**Exercise prompt:** Print out each entry below exactly; do not carry over any image.

(Data supplied Opens)

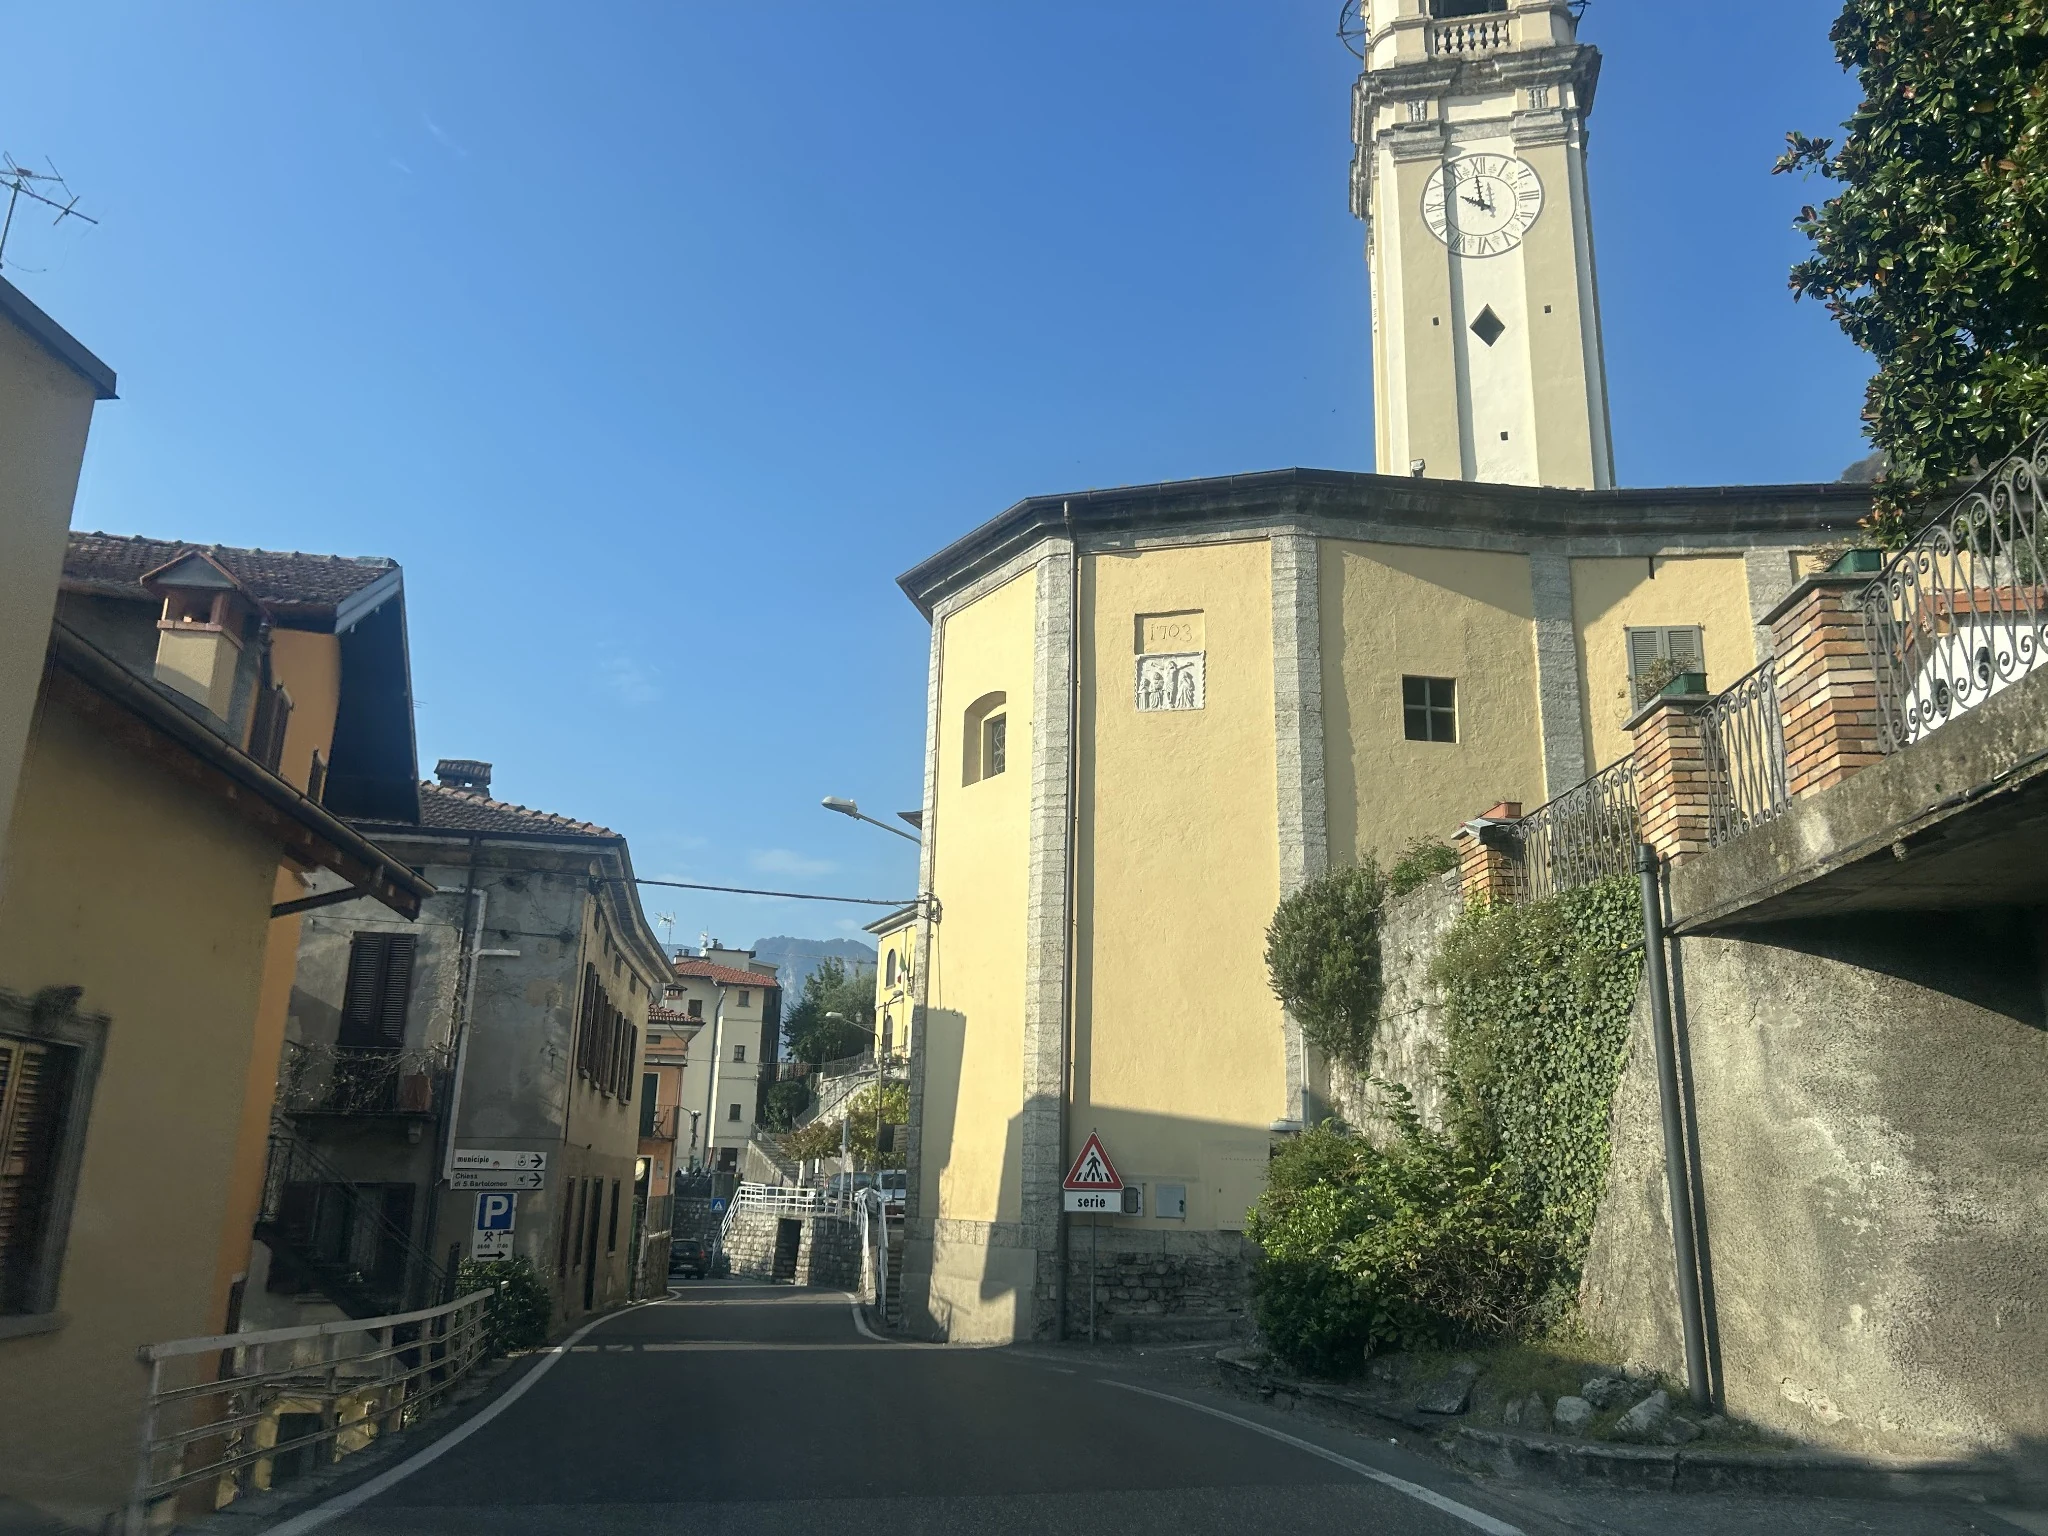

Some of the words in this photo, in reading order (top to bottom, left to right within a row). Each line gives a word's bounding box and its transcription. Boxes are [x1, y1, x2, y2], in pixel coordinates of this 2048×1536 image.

[457, 1155, 489, 1164] municipio
[1077, 1194, 1106, 1208] serie
[484, 1195, 509, 1228] P
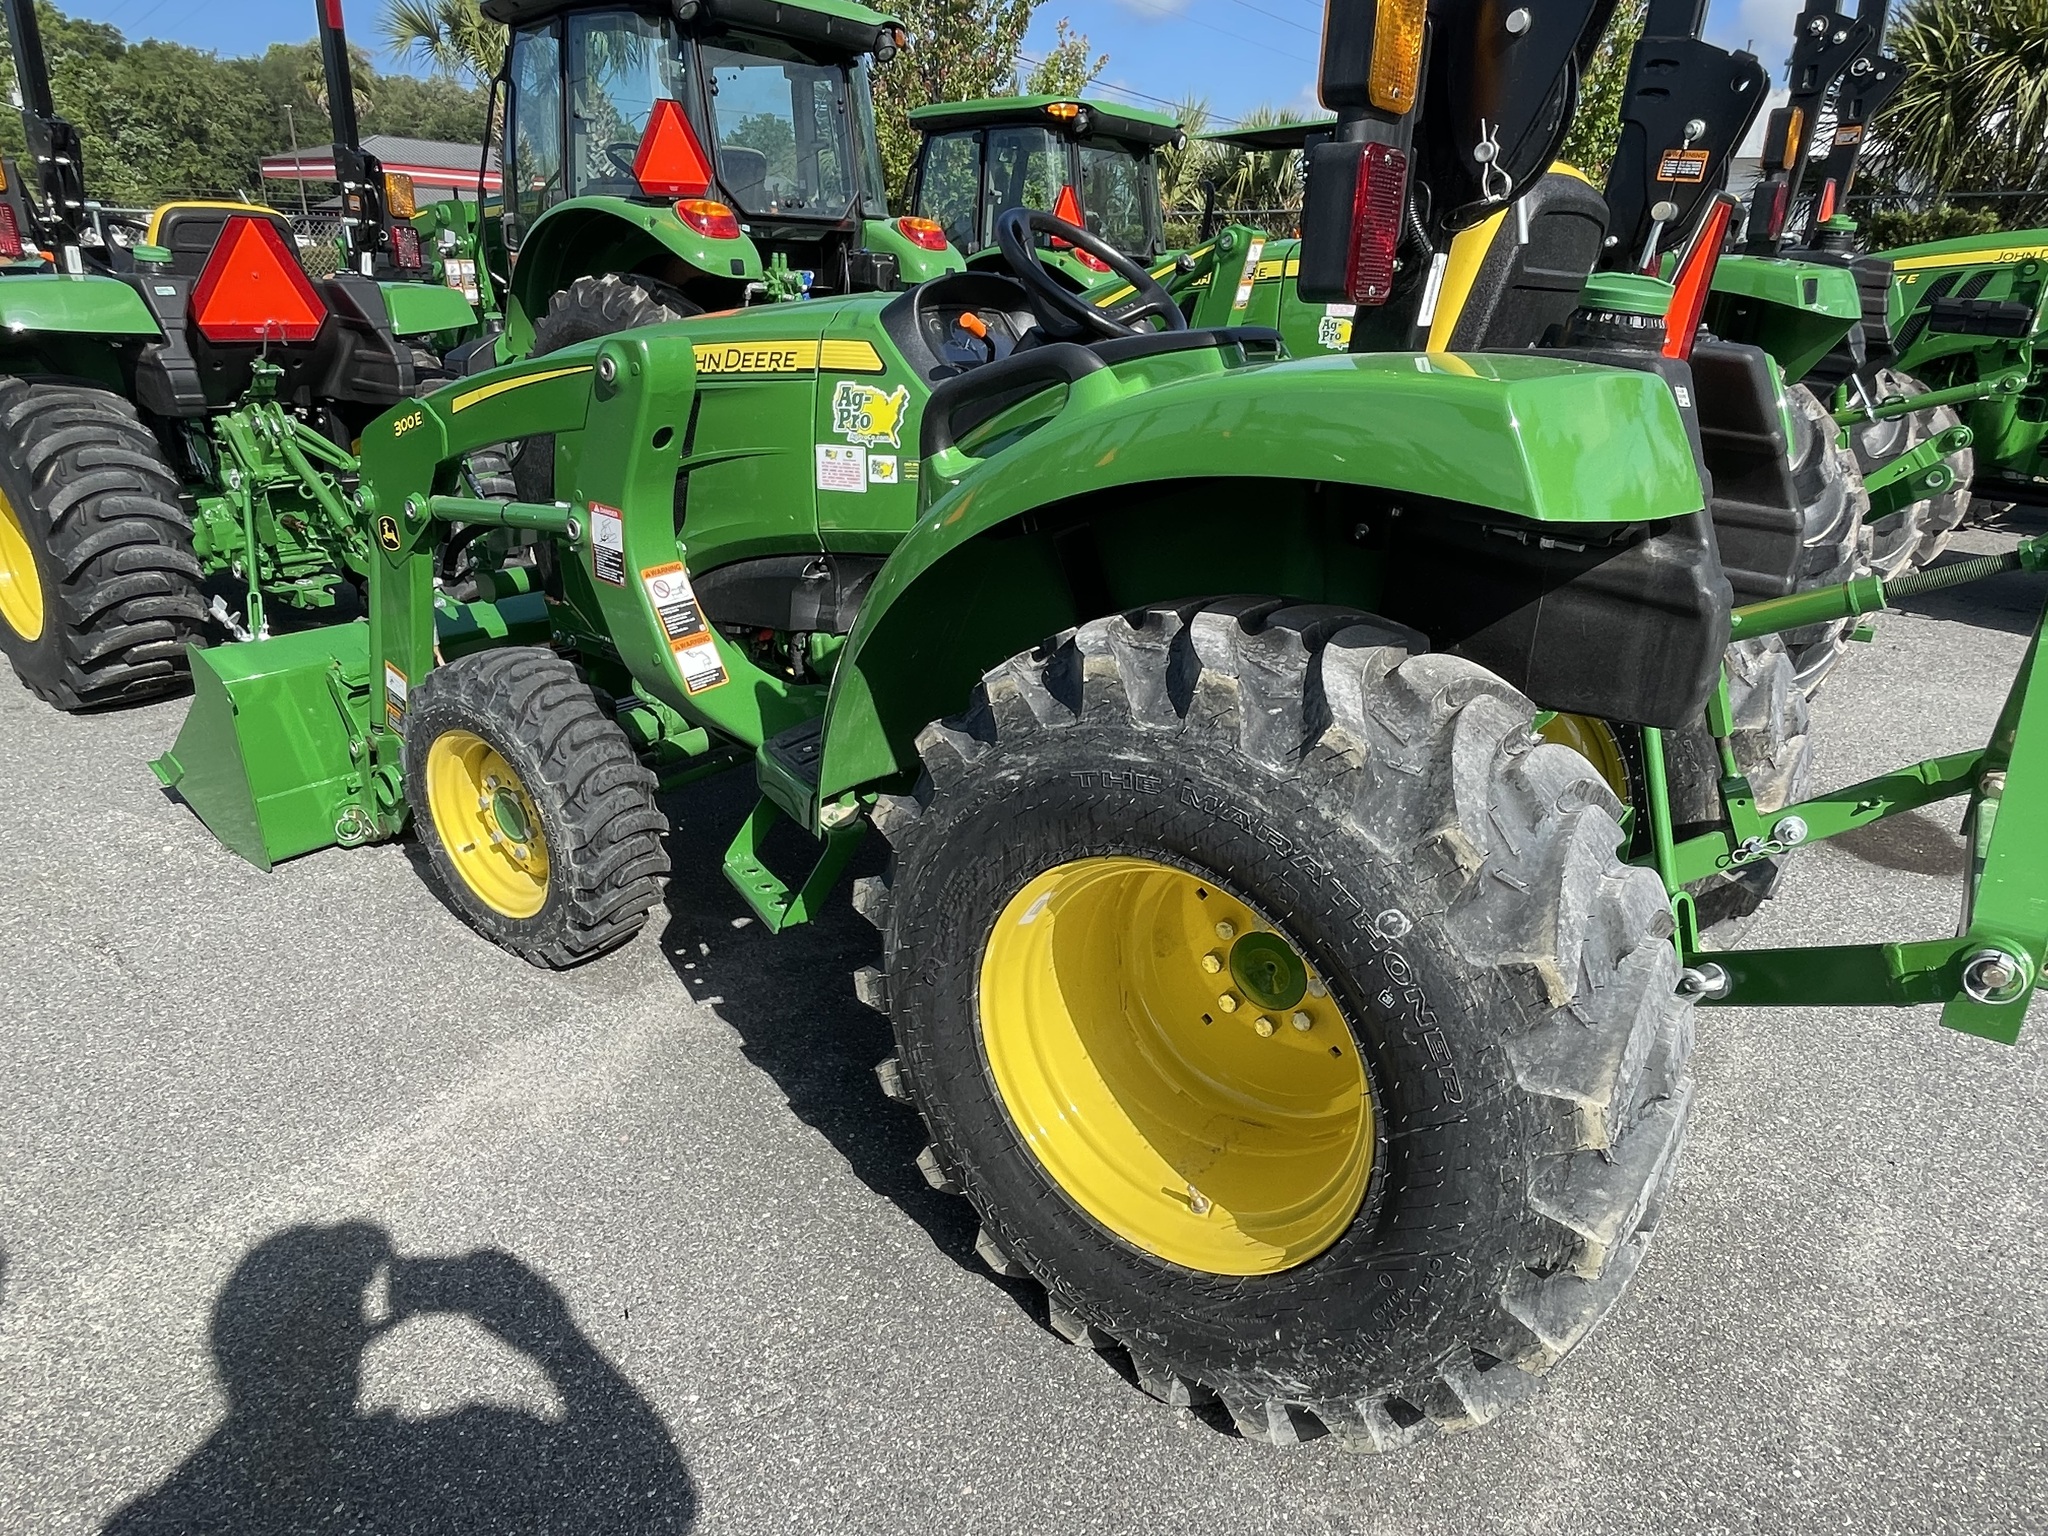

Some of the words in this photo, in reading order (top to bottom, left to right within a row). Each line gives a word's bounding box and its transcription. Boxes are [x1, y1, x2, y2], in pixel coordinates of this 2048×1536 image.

(Data supplied Closes)

**Solution for this exercise:**
Some of the words in this photo, in reading order (top to bottom, left to right within a row). Each line gives a word's bounding box and its transcription. Boxes are [x1, y1, x2, y2], in pixel coordinates of this 2048×1536 image.

[457, 1155, 489, 1164] municipio
[1077, 1194, 1106, 1208] serie
[484, 1195, 509, 1228] P

Some of the words in this photo, in reading order (top to bottom, left to right within a row). Each line gives a word's bounding box and its transcription. Boxes are [x1, y1, x2, y2], in pixel coordinates of this 2048×1536 image.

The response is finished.